At some point last year I became obsessed with this quote, “Don’t let the seeds spoil the watermelon.”
When I say obsessed, what I mean is I might have had watermelon napkins, a watermelon notebook, watermelon screensaver, watermelon home/lock screen…just to name a few ways my obsession spilled over into my real life.
Watermelons became a physical symbol for another aphorism I believe with my whole heart: A bad day doesn’t make a bad life.
It is so easy to caught up, overwhelmed, inundated (and a whole list of other anxiety-ridden words) in the set-backs and negativity that I can forget how much of what I do is pure joy. Watermelons help me remember to take a big bite of what is good and spit out the rest. Savor and enjoy the sweet stuff. Don’t chew on the seeds…spit them out…let it go.
Full disclaimer: I don’t eat watermelon. I never have. I have major texture issues. So I have held on to this metaphor with very little experience related to real watermelons.
The other day I bought a new-to-me breed of watermelon for my guys.
This new fangled fruit got me thinking all over again about those pesky seeds. If we have figured out how to get rid of the literal seeds, why can’t we engineer a way to get rid of them figuratively?!
Obviously…I had some questions for google. If you want the long answer about diploids crossing with tetraploids to produce triploid plants…this is the link for you. The short version is that watermelons without seeds can’t reproduce. They are sterile. In fact, for these plants to grow fruit at all, they must grow alongside watermelon plants with seeds.
I am officially re-obsessed with watermelons.
I am newly obsessed with their seeds.
In this profession and in this life, if there is one thing that I want to do with consistency-it is to bear fruit.

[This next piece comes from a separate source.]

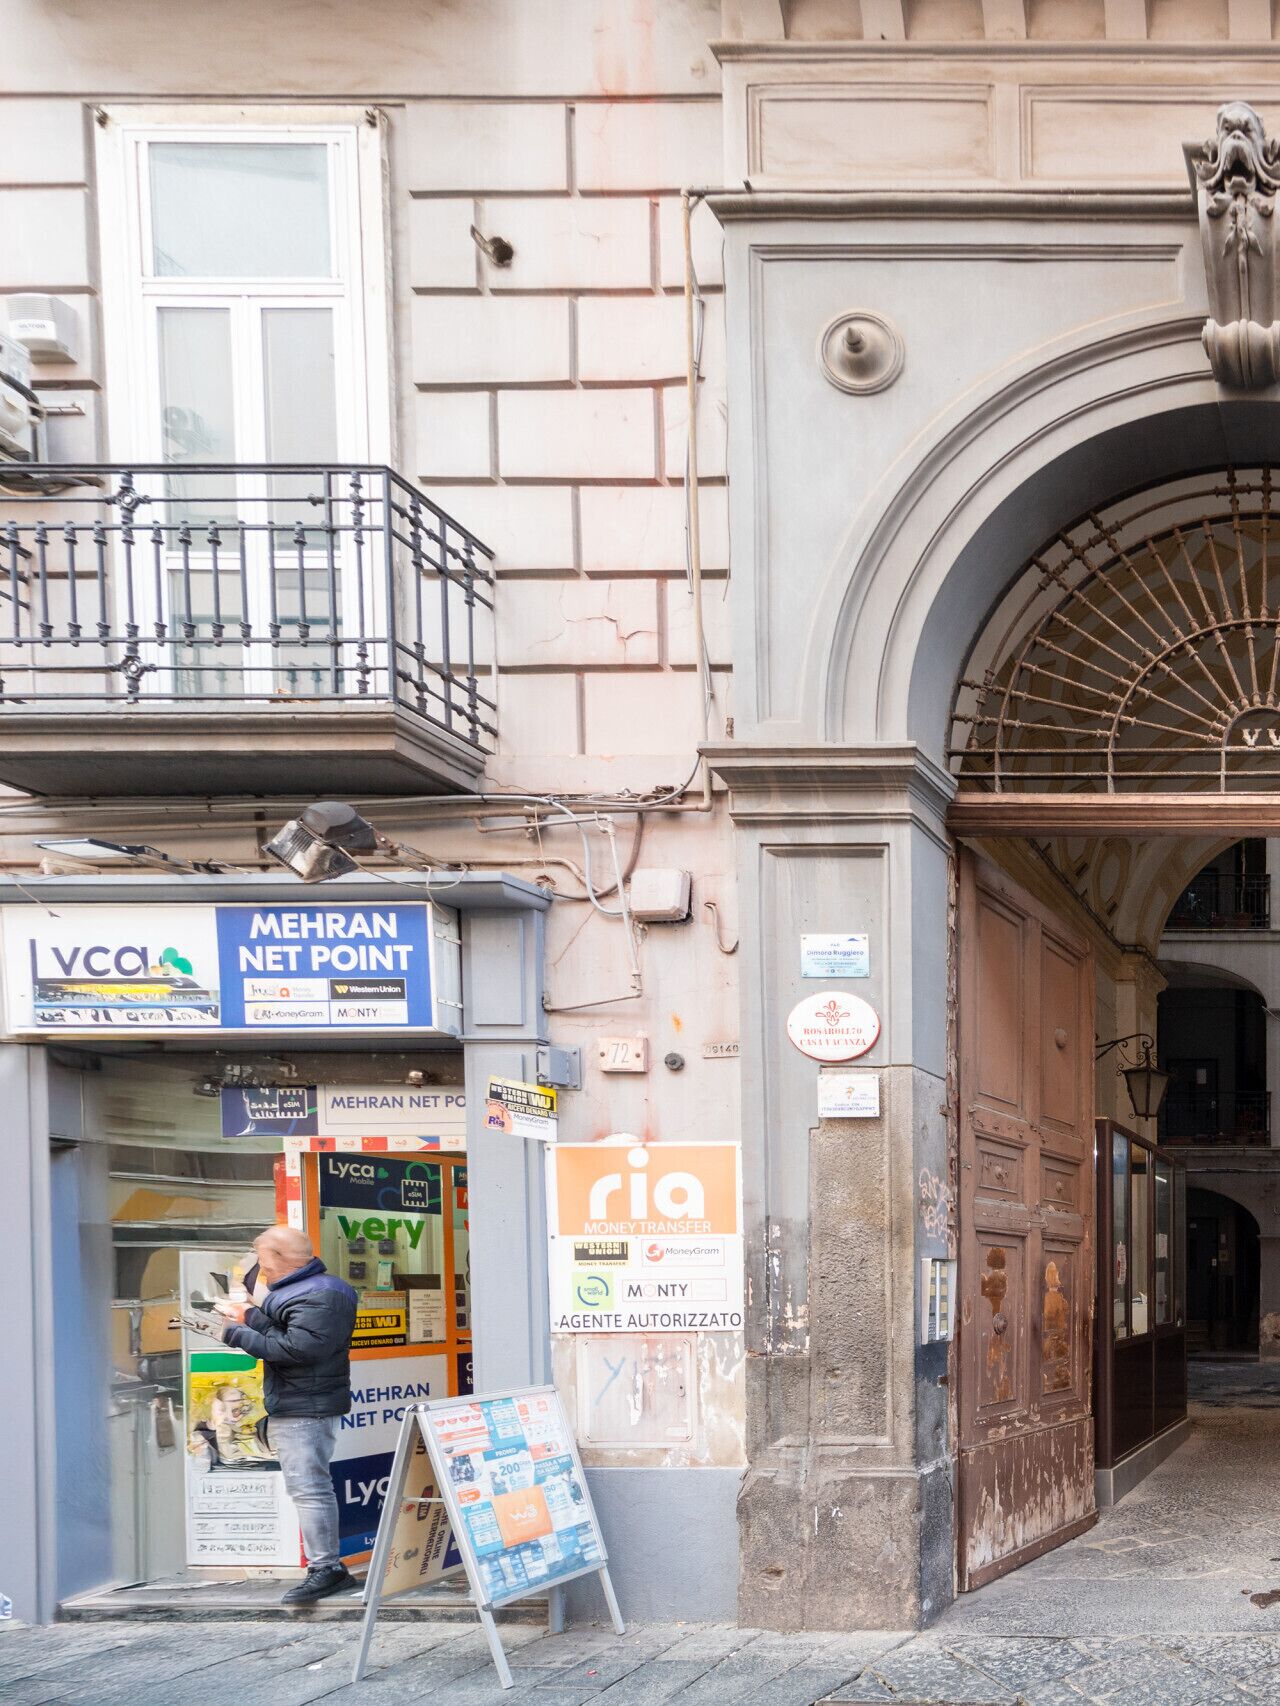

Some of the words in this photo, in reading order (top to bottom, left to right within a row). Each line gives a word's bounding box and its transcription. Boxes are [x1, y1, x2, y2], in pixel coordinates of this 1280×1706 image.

I want for there to be season after season of watermelons. I want for others to grow because they are planted near me. Which means…my life is going to have some seeds.
Looking back, the seeds that I am so quick to discard, are often the most valuable part of the experience, though usually not my favorite. This year’s seeds turn into next year’s harvest, IF I will:
- Collect them-take an honest look, an assessment of what is going well and what isn’t.
- Replant them-try again
- Water them-commit myself to continued learning and improvement.
Still learning…from a fruit I don’t even eat.